### What is needed
Word for word, restate every entry that follows.

++++++++++++++++++++

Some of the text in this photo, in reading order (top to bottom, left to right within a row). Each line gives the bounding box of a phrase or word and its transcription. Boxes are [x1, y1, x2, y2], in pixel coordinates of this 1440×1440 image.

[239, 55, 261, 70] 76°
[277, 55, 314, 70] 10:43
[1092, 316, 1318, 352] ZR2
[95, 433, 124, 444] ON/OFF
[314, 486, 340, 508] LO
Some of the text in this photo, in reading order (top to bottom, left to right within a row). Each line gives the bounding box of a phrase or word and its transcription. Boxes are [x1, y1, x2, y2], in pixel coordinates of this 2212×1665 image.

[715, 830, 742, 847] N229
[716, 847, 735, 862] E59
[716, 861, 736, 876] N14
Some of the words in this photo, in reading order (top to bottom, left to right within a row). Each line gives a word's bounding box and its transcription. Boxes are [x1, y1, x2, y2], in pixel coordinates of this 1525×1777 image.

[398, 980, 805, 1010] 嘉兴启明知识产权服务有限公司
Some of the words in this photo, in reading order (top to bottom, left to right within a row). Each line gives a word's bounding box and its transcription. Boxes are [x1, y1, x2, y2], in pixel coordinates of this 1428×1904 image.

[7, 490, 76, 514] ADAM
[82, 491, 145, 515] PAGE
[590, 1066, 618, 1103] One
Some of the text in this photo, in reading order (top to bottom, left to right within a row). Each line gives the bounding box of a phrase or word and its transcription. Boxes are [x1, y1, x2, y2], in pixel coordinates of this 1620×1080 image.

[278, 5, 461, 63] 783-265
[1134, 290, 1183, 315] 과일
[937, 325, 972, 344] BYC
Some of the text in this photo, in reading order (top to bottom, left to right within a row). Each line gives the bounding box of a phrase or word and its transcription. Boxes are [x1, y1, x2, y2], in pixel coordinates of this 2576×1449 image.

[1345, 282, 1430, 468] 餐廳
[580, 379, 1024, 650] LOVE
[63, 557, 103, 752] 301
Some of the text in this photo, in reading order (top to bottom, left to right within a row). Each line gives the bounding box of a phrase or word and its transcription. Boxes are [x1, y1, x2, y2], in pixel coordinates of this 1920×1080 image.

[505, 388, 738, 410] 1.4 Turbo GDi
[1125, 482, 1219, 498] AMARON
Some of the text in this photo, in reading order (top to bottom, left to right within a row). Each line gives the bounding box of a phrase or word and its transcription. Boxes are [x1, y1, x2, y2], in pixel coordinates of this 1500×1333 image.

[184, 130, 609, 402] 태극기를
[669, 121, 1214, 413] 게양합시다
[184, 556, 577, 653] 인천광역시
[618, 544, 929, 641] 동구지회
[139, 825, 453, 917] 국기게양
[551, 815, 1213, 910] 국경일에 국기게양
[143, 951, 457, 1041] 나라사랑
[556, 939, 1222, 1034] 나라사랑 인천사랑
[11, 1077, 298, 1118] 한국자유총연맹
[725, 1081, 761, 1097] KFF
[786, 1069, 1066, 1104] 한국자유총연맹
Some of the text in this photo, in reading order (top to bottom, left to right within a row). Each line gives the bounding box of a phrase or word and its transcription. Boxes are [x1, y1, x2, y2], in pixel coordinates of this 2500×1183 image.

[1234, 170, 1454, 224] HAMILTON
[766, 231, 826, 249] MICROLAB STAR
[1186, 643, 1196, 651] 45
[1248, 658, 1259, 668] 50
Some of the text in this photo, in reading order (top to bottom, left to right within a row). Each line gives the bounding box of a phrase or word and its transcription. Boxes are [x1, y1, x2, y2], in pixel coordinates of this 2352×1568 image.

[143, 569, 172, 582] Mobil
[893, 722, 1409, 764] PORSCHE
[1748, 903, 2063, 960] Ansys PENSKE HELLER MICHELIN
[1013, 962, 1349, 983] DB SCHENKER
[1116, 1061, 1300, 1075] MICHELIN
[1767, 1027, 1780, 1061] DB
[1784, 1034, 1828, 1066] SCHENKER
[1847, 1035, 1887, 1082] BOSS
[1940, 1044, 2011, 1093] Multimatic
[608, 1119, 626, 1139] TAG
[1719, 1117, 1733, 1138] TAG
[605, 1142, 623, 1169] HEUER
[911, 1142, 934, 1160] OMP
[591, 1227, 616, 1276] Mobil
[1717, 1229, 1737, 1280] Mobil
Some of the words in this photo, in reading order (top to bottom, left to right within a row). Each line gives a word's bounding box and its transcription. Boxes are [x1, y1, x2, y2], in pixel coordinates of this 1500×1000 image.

++++++++++++++++++++

### Task response
Some of the text in this photo, in reading order (top to bottom, left to right within a row). Each line gives the bounding box of a phrase or word and its transcription. Boxes are [x1, y1, x2, y2], in pixel coordinates of this 1440×1440 image.

[239, 55, 261, 70] 76°
[277, 55, 314, 70] 10:43
[1092, 316, 1318, 352] ZR2
[95, 433, 124, 444] ON/OFF
[314, 486, 340, 508] LO
Some of the text in this photo, in reading order (top to bottom, left to right within a row). Each line gives the bounding box of a phrase or word and its transcription. Boxes are [x1, y1, x2, y2], in pixel coordinates of this 2212×1665 image.

[715, 830, 742, 847] N229
[716, 847, 735, 862] E59
[716, 861, 736, 876] N14
Some of the words in this photo, in reading order (top to bottom, left to right within a row). Each line gives a word's bounding box and its transcription. Boxes are [x1, y1, x2, y2], in pixel coordinates of this 1525×1777 image.

[398, 980, 805, 1010] 嘉兴启明知识产权服务有限公司
Some of the words in this photo, in reading order (top to bottom, left to right within a row). Each line gives a word's bounding box and its transcription. Boxes are [x1, y1, x2, y2], in pixel coordinates of this 1428×1904 image.

[7, 490, 76, 514] ADAM
[82, 491, 145, 515] PAGE
[590, 1066, 618, 1103] One
Some of the text in this photo, in reading order (top to bottom, left to right within a row). Each line gives the bounding box of a phrase or word and its transcription. Boxes are [x1, y1, x2, y2], in pixel coordinates of this 1620×1080 image.

[278, 5, 461, 63] 783-265
[1134, 290, 1183, 315] 과일
[937, 325, 972, 344] BYC
Some of the text in this photo, in reading order (top to bottom, left to right within a row). Each line gives the bounding box of a phrase or word and its transcription. Boxes are [x1, y1, x2, y2], in pixel coordinates of this 2576×1449 image.

[1345, 282, 1430, 468] 餐廳
[580, 379, 1024, 650] LOVE
[63, 557, 103, 752] 301
Some of the text in this photo, in reading order (top to bottom, left to right within a row). Each line gives the bounding box of a phrase or word and its transcription. Boxes are [x1, y1, x2, y2], in pixel coordinates of this 1920×1080 image.

[505, 388, 738, 410] 1.4 Turbo GDi
[1125, 482, 1219, 498] AMARON
Some of the text in this photo, in reading order (top to bottom, left to right within a row). Each line gives the bounding box of a phrase or word and its transcription. Boxes are [x1, y1, x2, y2], in pixel coordinates of this 1500×1333 image.

[184, 130, 609, 402] 태극기를
[669, 121, 1214, 413] 게양합시다
[184, 556, 577, 653] 인천광역시
[618, 544, 929, 641] 동구지회
[139, 825, 453, 917] 국기게양
[551, 815, 1213, 910] 국경일에 국기게양
[143, 951, 457, 1041] 나라사랑
[556, 939, 1222, 1034] 나라사랑 인천사랑
[11, 1077, 298, 1118] 한국자유총연맹
[725, 1081, 761, 1097] KFF
[786, 1069, 1066, 1104] 한국자유총연맹
Some of the text in this photo, in reading order (top to bottom, left to right within a row). Each line gives the bounding box of a phrase or word and its transcription. Boxes are [x1, y1, x2, y2], in pixel coordinates of this 2500×1183 image.

[1234, 170, 1454, 224] HAMILTON
[766, 231, 826, 249] MICROLAB STAR
[1186, 643, 1196, 651] 45
[1248, 658, 1259, 668] 50
Some of the text in this photo, in reading order (top to bottom, left to right within a row). Each line gives the bounding box of a phrase or word and its transcription. Boxes are [x1, y1, x2, y2], in pixel coordinates of this 2352×1568 image.

[143, 569, 172, 582] Mobil
[893, 722, 1409, 764] PORSCHE
[1748, 903, 2063, 960] Ansys PENSKE HELLER MICHELIN
[1013, 962, 1349, 983] DB SCHENKER
[1116, 1061, 1300, 1075] MICHELIN
[1767, 1027, 1780, 1061] DB
[1784, 1034, 1828, 1066] SCHENKER
[1847, 1035, 1887, 1082] BOSS
[1940, 1044, 2011, 1093] Multimatic
[608, 1119, 626, 1139] TAG
[1719, 1117, 1733, 1138] TAG
[605, 1142, 623, 1169] HEUER
[911, 1142, 934, 1160] OMP
[591, 1227, 616, 1276] Mobil
[1717, 1229, 1737, 1280] Mobil
Some of the words in this photo, in reading order (top to bottom, left to right within a row). Each line gives a word's bounding box and its transcription. Boxes are [x1, y1, x2, y2], in pixel coordinates of this 1500×1000 image.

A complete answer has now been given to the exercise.